Test-Driven Development

TDD is the fundamental practice. Every line of production code must be written in response to a failing test.

For how to write good tests, load the testing skill. This skill focuses on the TDD workflow/process. For mutation-aware test planning, load the mutation-testing skill and use its resources/mutator-rules.md resource as the source of truth.


RED-GREEN-MUTATE-KILL MUTANTS-REFACTOR Cycle

RED: Write Failing Test First

  • NO production code until you have a failing test
  • Test describes desired behavior, not implementation
  • Test should fail for the right reason
  • Before finalizing the test, scan the intended behavior against the mutator rules: boundaries, boolean combinations, equality, arithmetic identities, array/string operations, optional chaining, and side effects
  • Add obvious missing cases immediately; use the harness's ask-question facility when the expected behavior is a product/domain judgment

GREEN: Minimum Code to Pass

  • Write ONLY enough code to make the test pass
  • Resist adding functionality not demanded by a test
  • Faking it is legitimate: hardcode the return value if that passes, then triangulate — add a second test case that forces the real implementation. Generalize only when a test demands it

MUTATE: Verify Test Effectiveness

  • Run mutation-testing skill against the changed code
  • Produce a mutation testing report (killed/survived/score)
  • This validates whether the RED-phase mutator scan caught the important gaps

KILL MUTANTS: Address Surviving Mutants

  • Add or strengthen tests to kill surviving mutants
  • Fix obvious gaps directly
  • Ask the human with the harness's ask-question facility when a surviving mutant's value is ambiguous
  • All tests pass after fixes

REFACTOR: Assess Improvements

  • Assess AFTER mutation testing confirms test strength
  • Load the refactoring skill before deciding what, if anything, to restructure
  • Commit before refactoring
  • All tests must pass after refactoring

TDD Evidence in Commit History

Default Expectation

Commit history should show clear RED → GREEN → MUTATE → KILL MUTANTS → REFACTOR progression.

Ideal progression:

commit abc123: test: add failing test for user authentication
commit def456: feat: implement user authentication to pass test
commit ghi789: test: strengthen boundary tests (mutation testing)
commit jkl012: refactor: extract validation logic for clarity

Rare Exceptions

TDD evidence may not be linearly visible in commits in these cases:

1. Multi-Session Work

  • Feature spans multiple development sessions
  • Work done with TDD in each session
  • Commits organized for PR clarity rather than strict TDD phases
  • Evidence: Tests exist, all passing, implementation matches test requirements

2. Context Continuation

  • Resuming from previous work
  • Original RED phase done in previous session/commit
  • Current work continues from that point
  • Evidence: Reference to RED commit in PR description

3. Refactoring Commits

  • Large refactors after GREEN + MUTATE + KILL MUTANTS
  • Multiple small refactors combined into single commit
  • All tests remained green throughout
  • Evidence: Commit message notes "refactor only, no behavior change"
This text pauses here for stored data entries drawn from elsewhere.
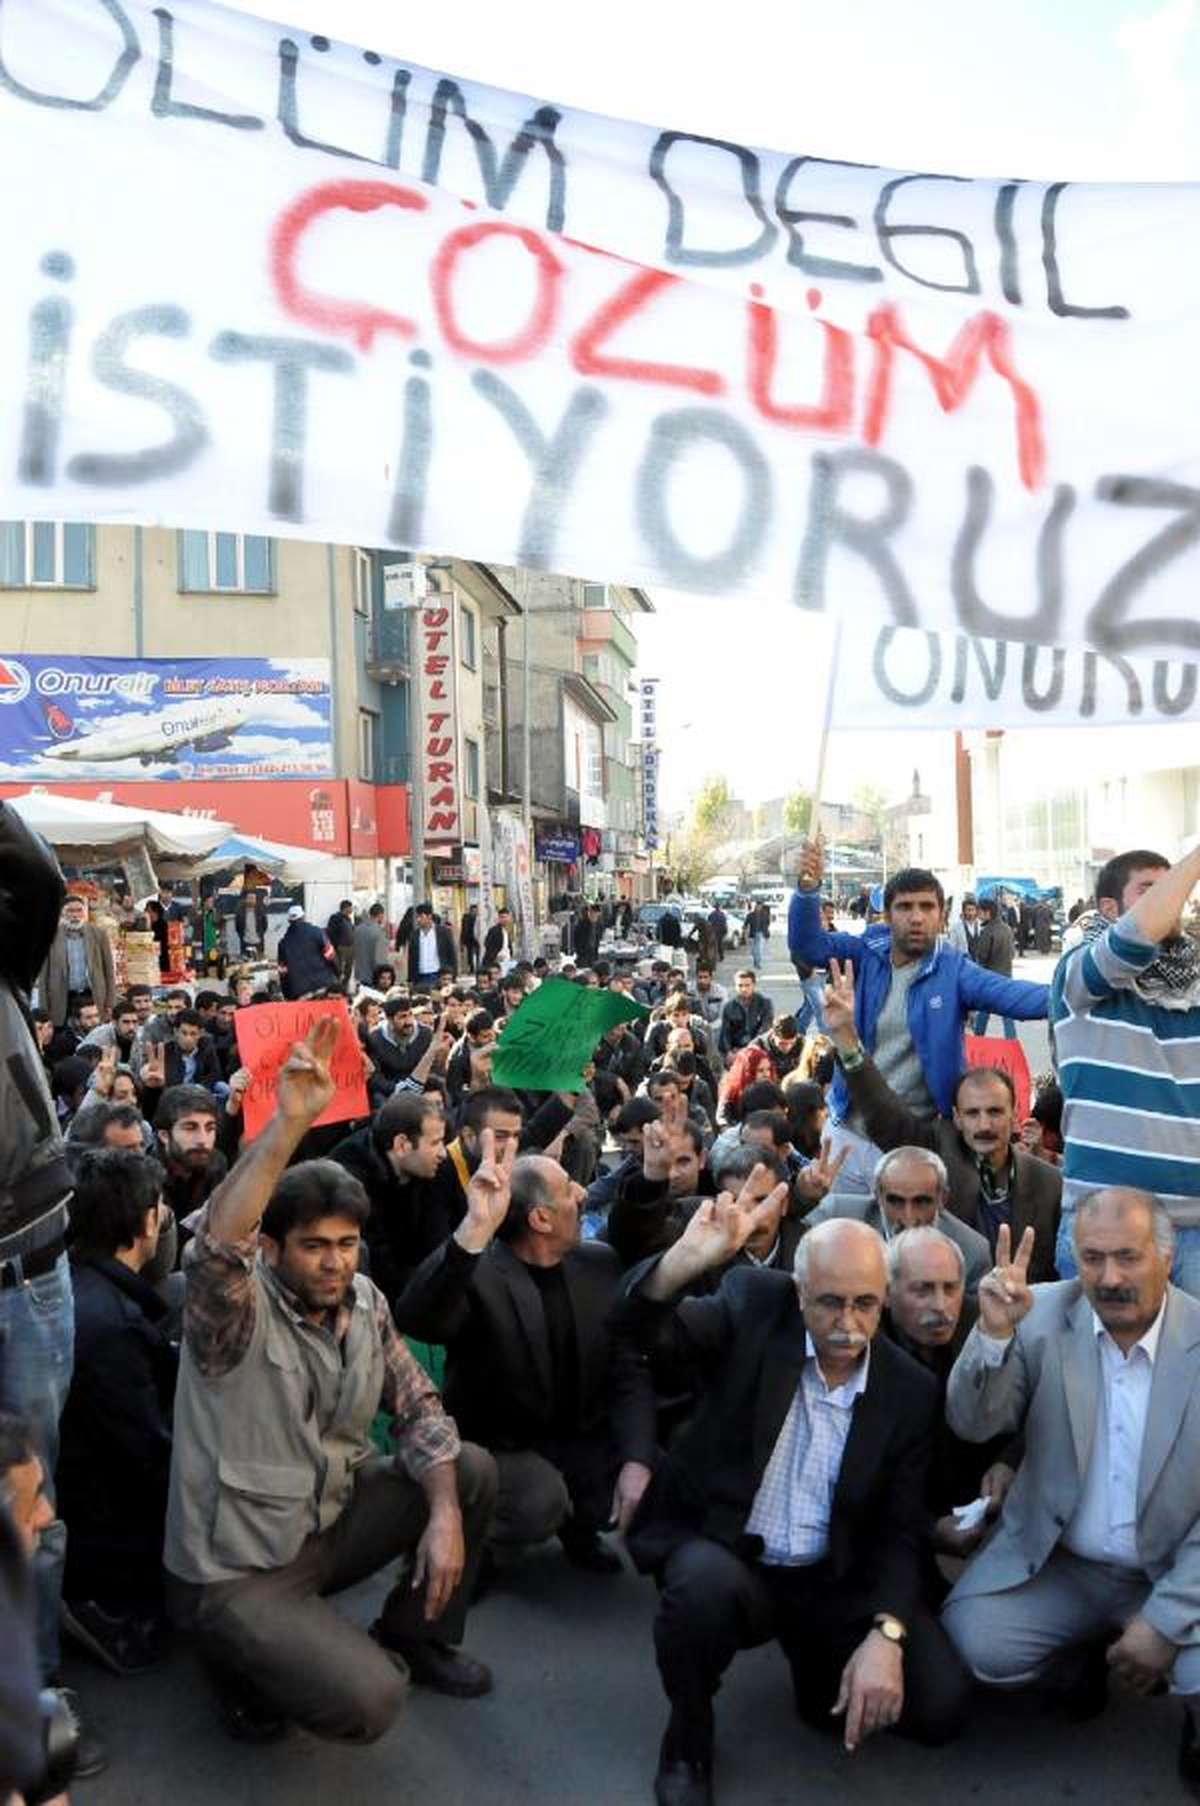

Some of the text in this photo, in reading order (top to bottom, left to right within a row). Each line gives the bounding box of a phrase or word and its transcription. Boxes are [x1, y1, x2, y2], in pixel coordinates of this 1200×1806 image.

[36, 668, 159, 695] Onurair
[423, 607, 457, 831] OTEL TURAN
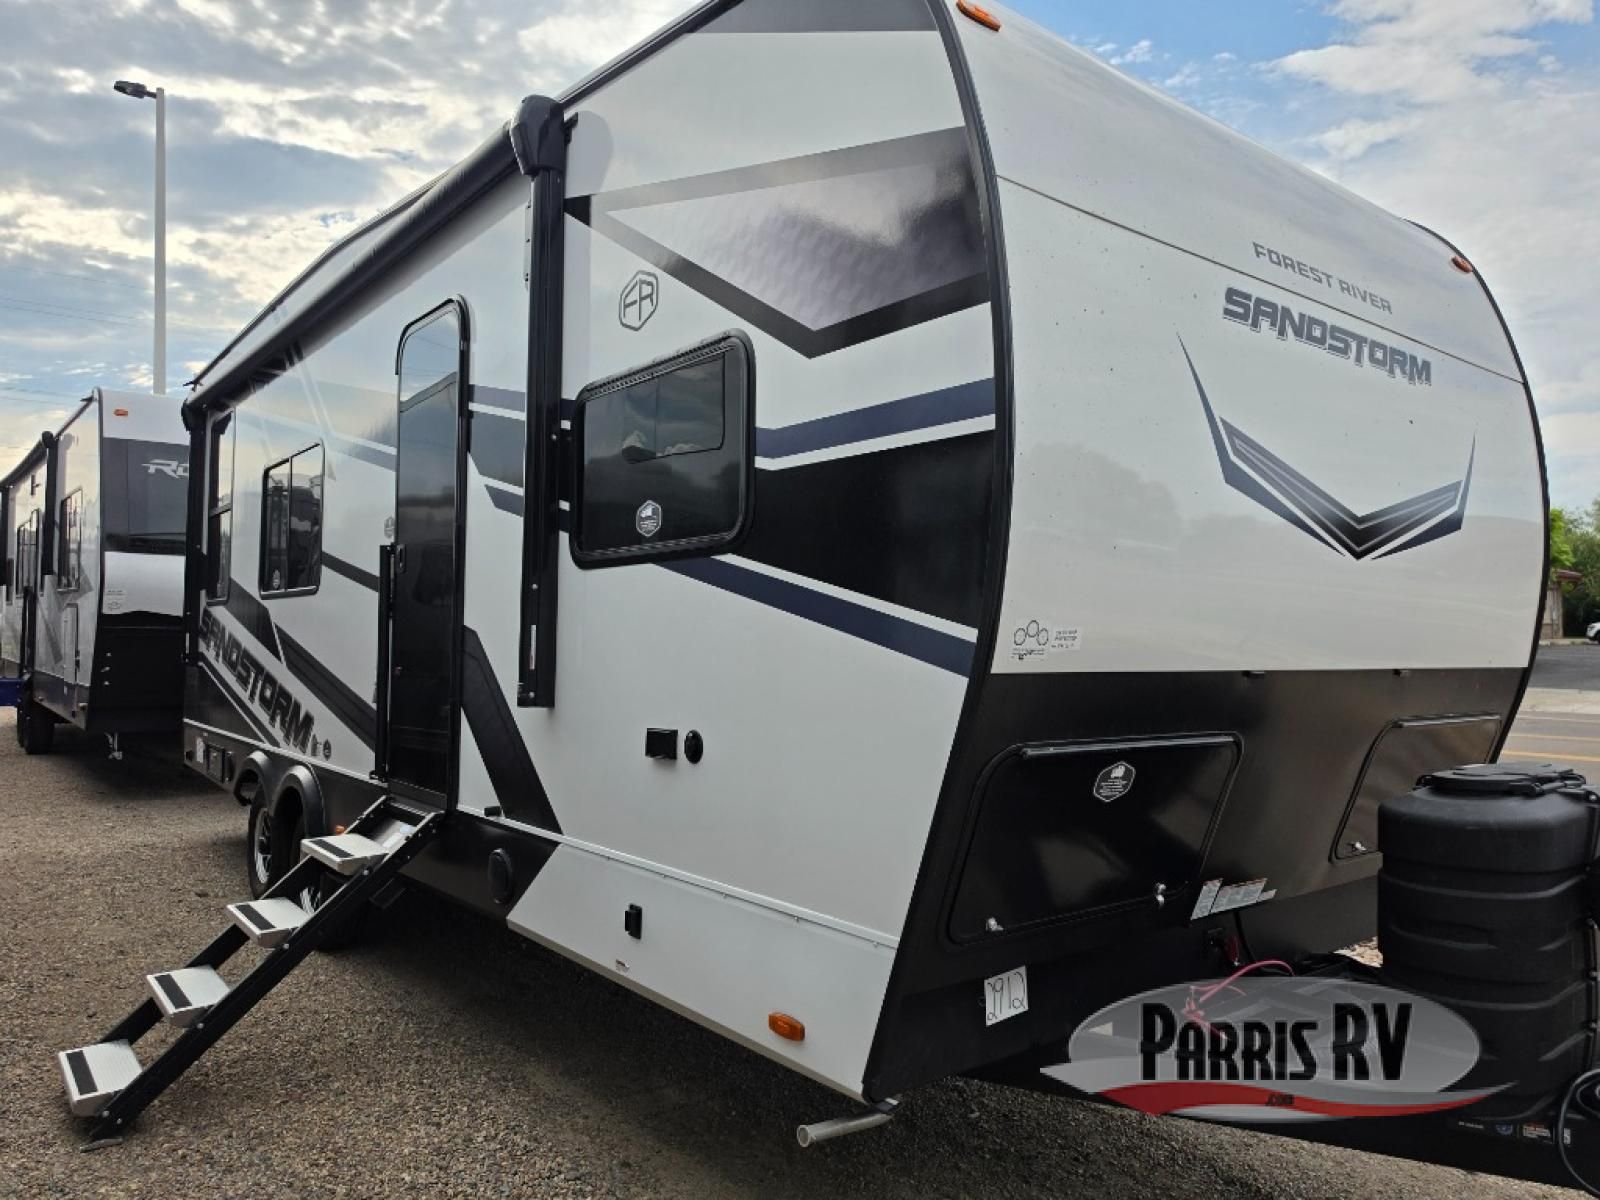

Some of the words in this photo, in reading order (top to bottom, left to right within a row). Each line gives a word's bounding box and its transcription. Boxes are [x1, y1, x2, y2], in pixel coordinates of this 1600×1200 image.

[1252, 241, 1333, 289] FOREST
[1338, 277, 1393, 315] RIVER
[1223, 286, 1433, 387] SANDSTORM
[200, 606, 315, 754] SANDSTORM
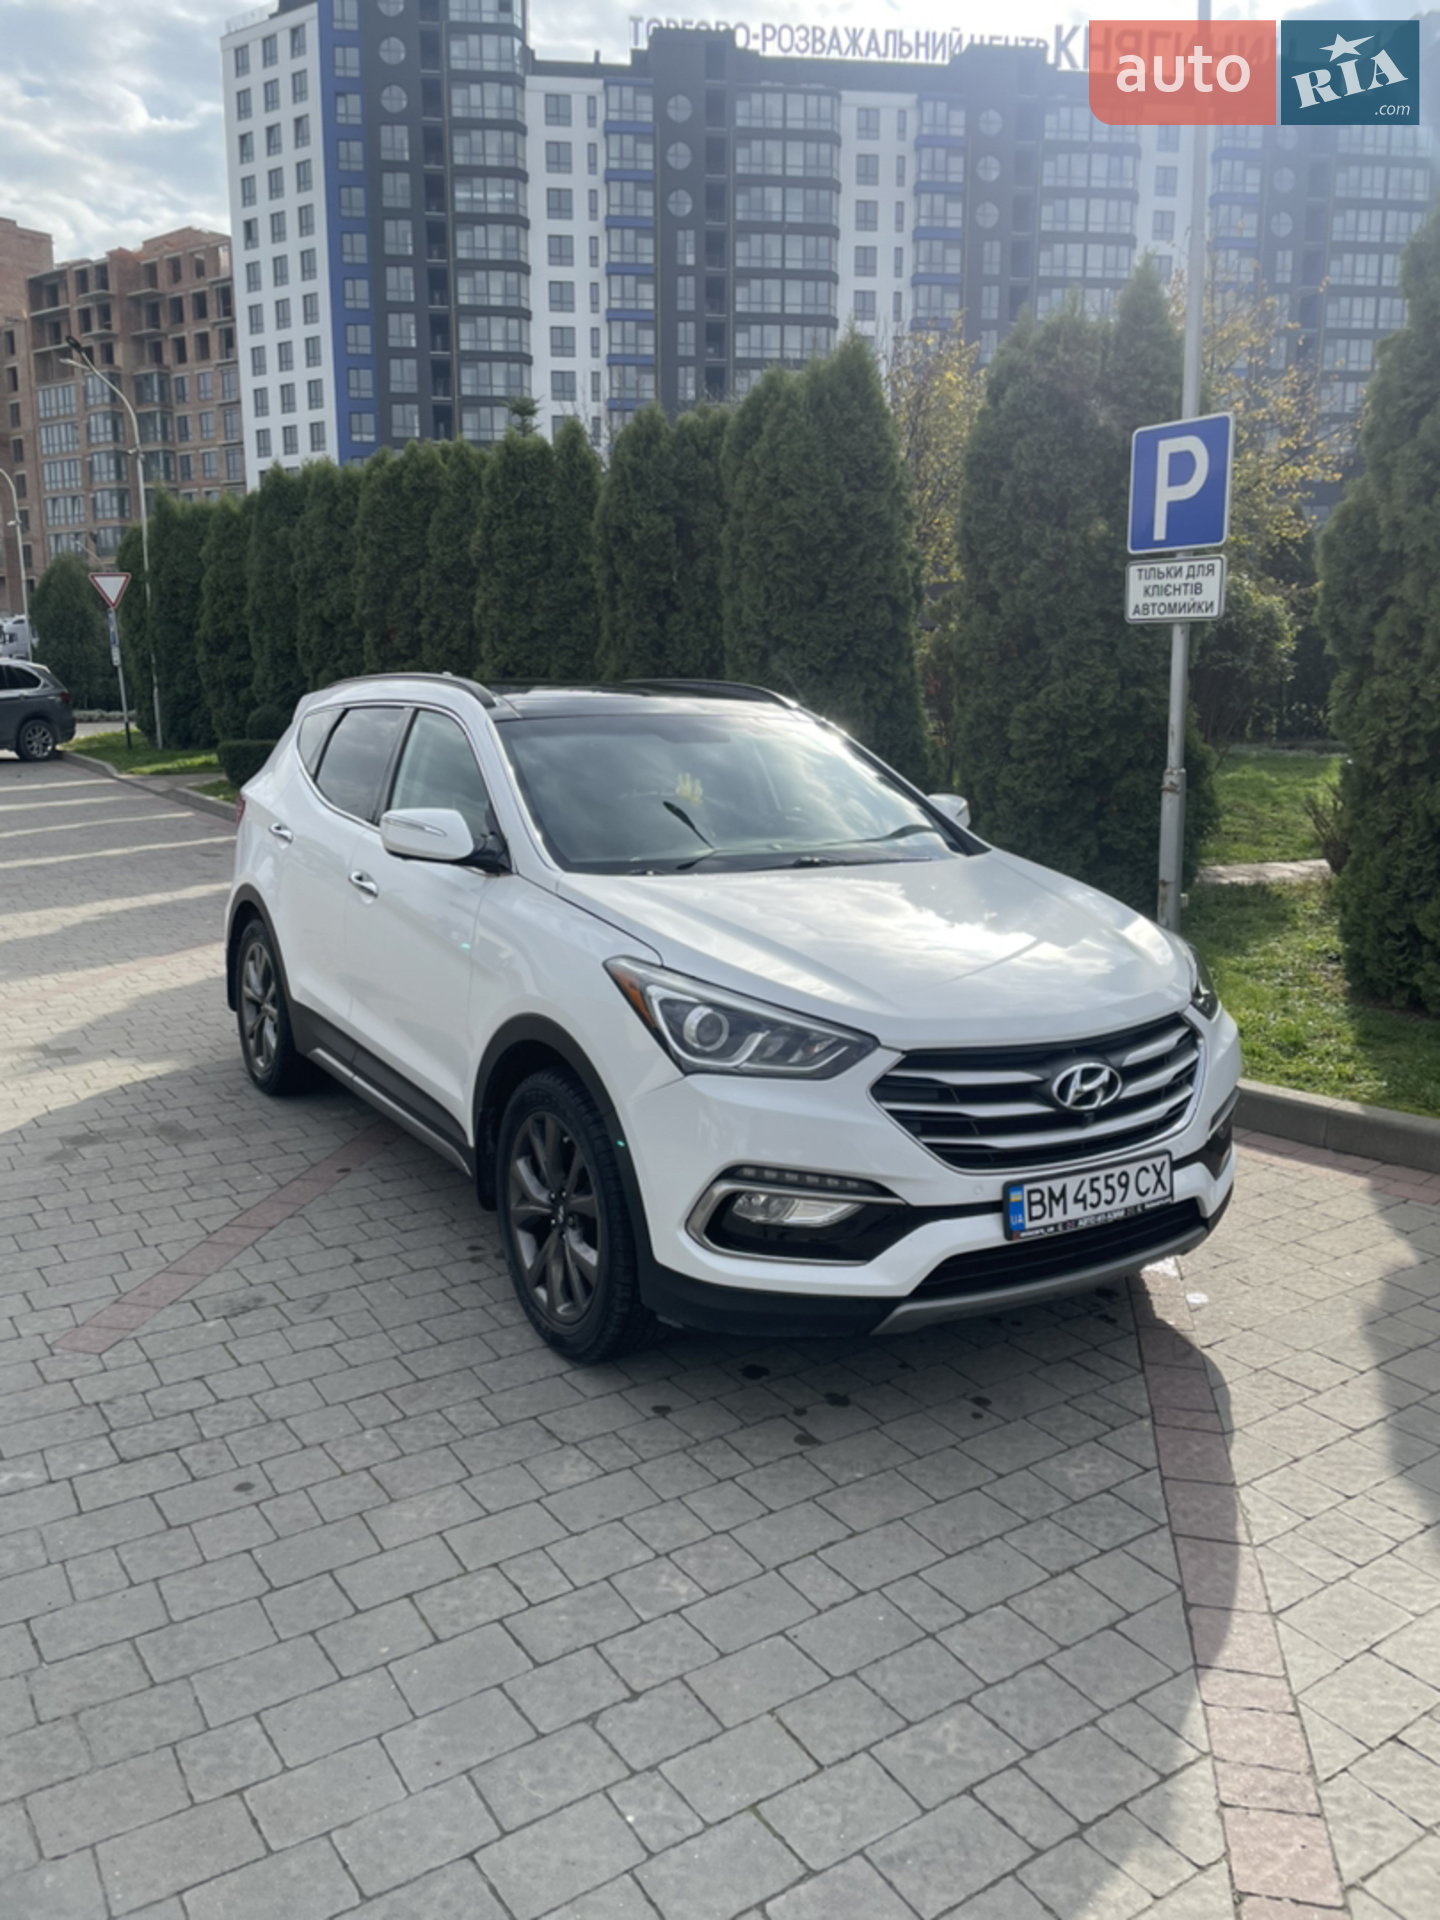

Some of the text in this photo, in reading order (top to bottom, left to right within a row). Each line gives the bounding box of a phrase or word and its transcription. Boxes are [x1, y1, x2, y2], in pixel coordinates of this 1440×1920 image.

Documenting Exceptions in PRs

When exception applies, document in PR description:

## TDD Evidence

RED phase: commit c925187 (added failing tests for shopping cart)
GREEN phase: commits 5e0055b, 9a246d0 (implementation + bug fixes)
MUTATE + KILL MUTANTS: commit 7b8c9d0 (strengthened boundary tests)
REFACTOR: commit 11dbd1a (test isolation improvements)

Test Evidence:
✅ 4/4 tests passing (7.7s with 4 workers)

Important: Exception is for EVIDENCE presentation, not TDD practice. TDD process must still be followed - these are cases where commit history doesn't perfectly reflect the process that was actually followed.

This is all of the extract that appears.